I fegatelli sono un piatto tipico delle nostre parti, abitualmente eseguito in occasione delle feste che fanno da cornice all’uccisione del maiale.
Sono semplicemente divini, anche se io non li adoro moltissimo, ma quando sono fatti come si deve… sarei capace di scofanarmene una mezza teglia buona! Il segreto della riuscita infatti è nel mantenerli morbidi, e troppo facile invece è asciugarli troppo.
Bando alle ciance, via al passo-passo:

INGREDIENTI

1 kg di fegato di maiale
rete di maiale
grasso di maiale
sale
pepe
foglie di alloro fresche
fiori di finocchietto secchi

PROCEDIMENTO

Prendere un piatto e mescolarvi assieme i fiori secchi di finocchietto, il sale ed il pepe.

Prendere il fegato, tagliarlo a tocchetti il più possibile omogenei, non troppo piccoli comunque perché si restringono in cotura; sciacquarli e condirli con il preparato aromatico.

Prendere la rete e passarla brevemente nell’acqua calda in modo da ammorbidirla e stenderla senza problemi di rottura.

Dimenticavo… Si scendono le scale e si taglia una ramo pieno di belle foglie dalla pianta di alloro del giardinetto.
Indi si risale in casa, si lavano le foglie e si asciugano (vi ricordo che l’avete preso dai giardinetti, vatte a fidà!).

A parte prepariamo anche il lardo: prendere i pezzi di grasso, tagliarli a cubetti e condirli con il composto aromatico.

Si taglia il fegato a tocchetti e si dispone su un tagliere la rete; si adagia sopra di essa un pezzetto di fegato, si taglia giro giro la rete in modo che ne avanzi un bel po’ e si avvolge il fazzoletto ottenuto intorno al fegatello (ovviamente più rete c’è, più il grasso dona morbidezza al fegatello).

Ripetere l’azione per tutti i pezzi e infilare i fegatelli in uno stecchino lungo, alternandoli a foglie d’alloro ben pulite.
Stare attenti a non metterli eccessivamente stretti: adiacenti ma non ‘strizzati’.

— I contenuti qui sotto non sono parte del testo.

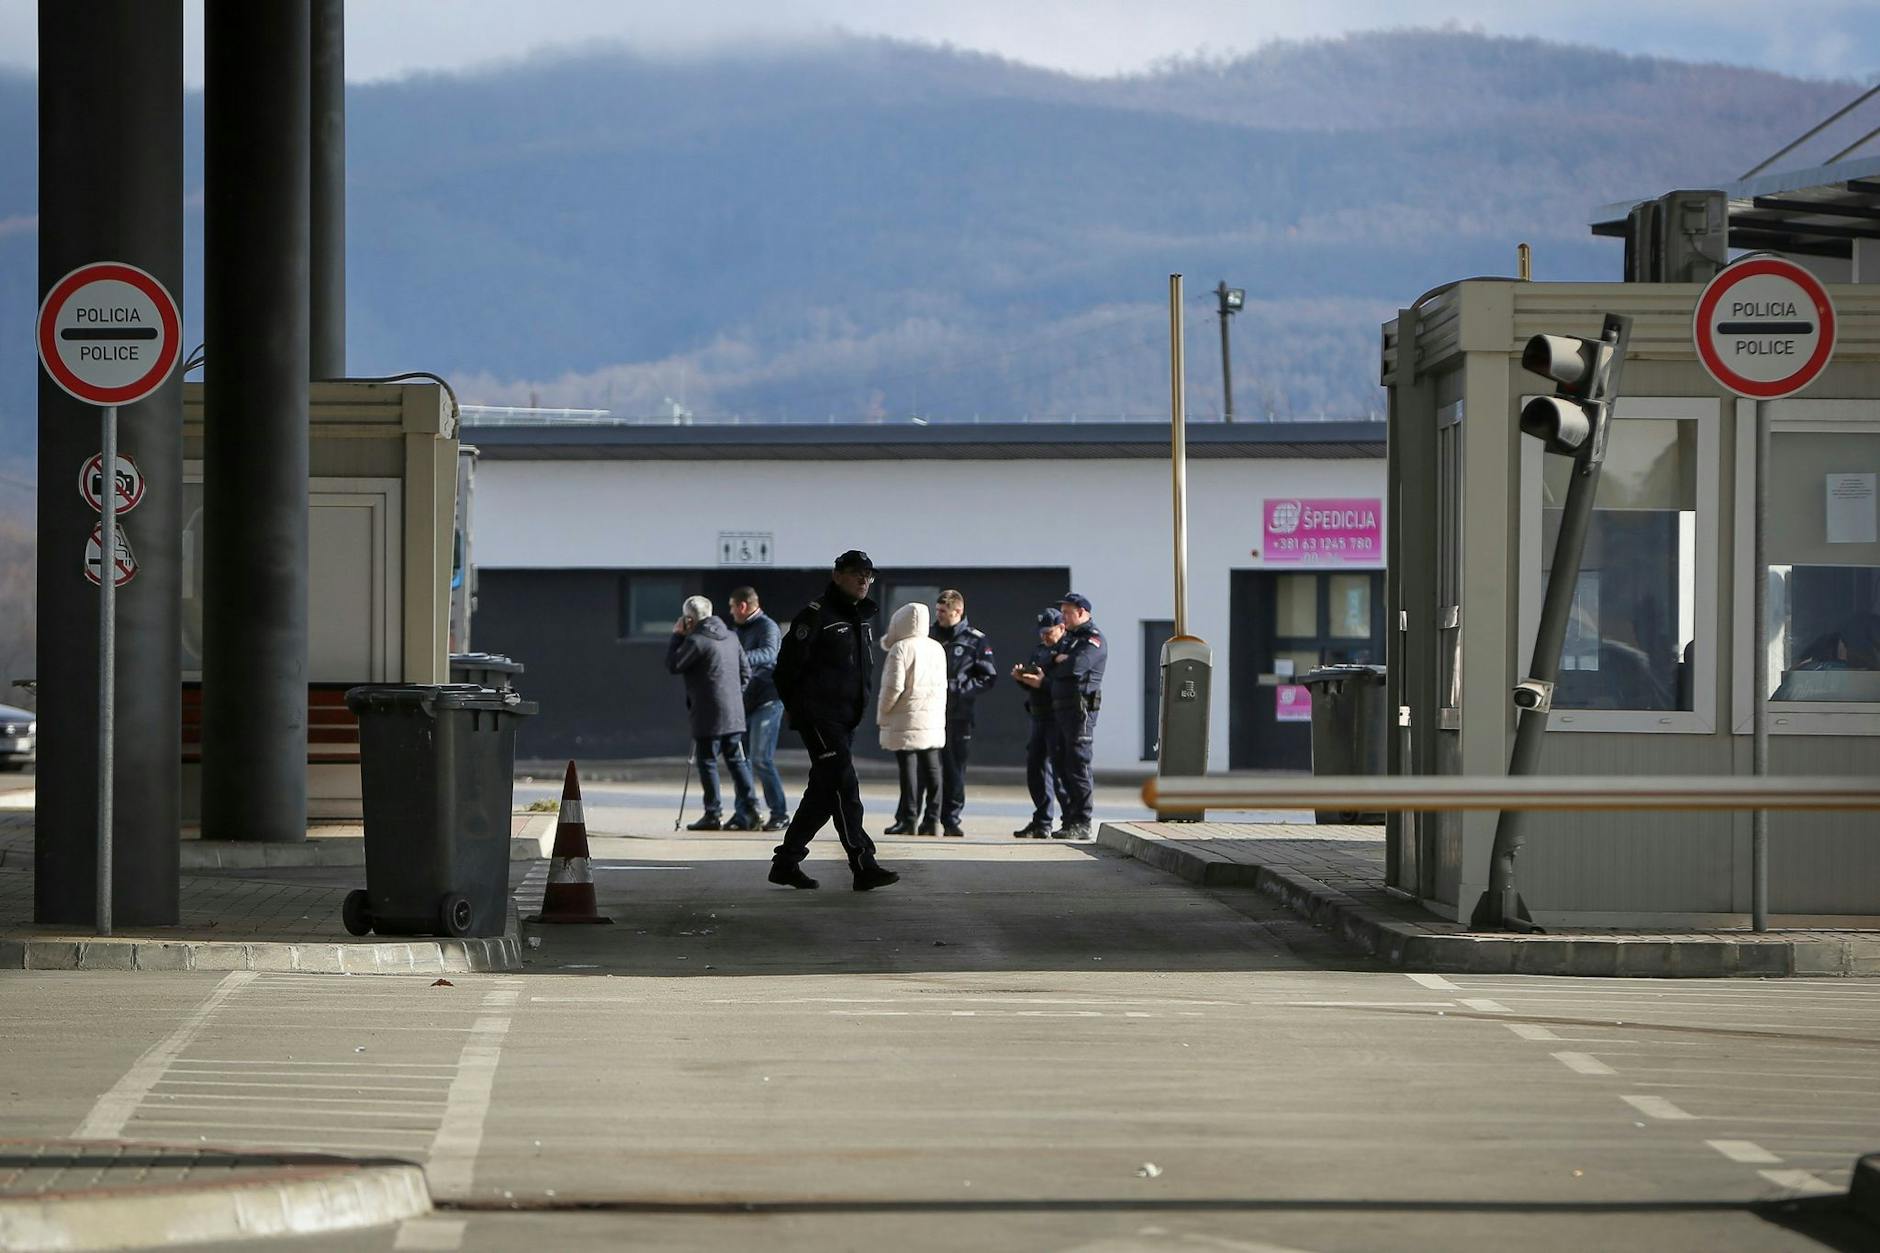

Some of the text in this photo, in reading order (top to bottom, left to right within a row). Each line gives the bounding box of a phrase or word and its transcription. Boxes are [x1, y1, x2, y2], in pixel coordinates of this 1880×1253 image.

Si dispongono in una teglia gli spiedini, uno accanto all’altro; sopra si distribuiscono, insieme ad un altro po’ del condimento, i dadini di grasso, in modo che si sciolgano e ammorbidiscano, insaporendoli, i fegatelli.
Si inforna a 180°-200° per circa… Boh!, Lo vedrete voi quando saranno belli cotti!   Devono risultare coloriti (non rosa all’interno) ma morbidi.

Nel frattempo la parte avanzata dei cubetti di grasso aromatizzati la si ripassa in padella in modo da ottenere lo strutto necessario alla conservazione dei fegatelli

Se siete tanti non avete bisogno di conservarli, viceversa togliete i fegatelli dallo spiedino e disponeteli in un vaso di terracotta che sigillerete con una bella colata del lardo precedentemente fuso.
Si conservano a lungo, non necessariamente in frigorifero.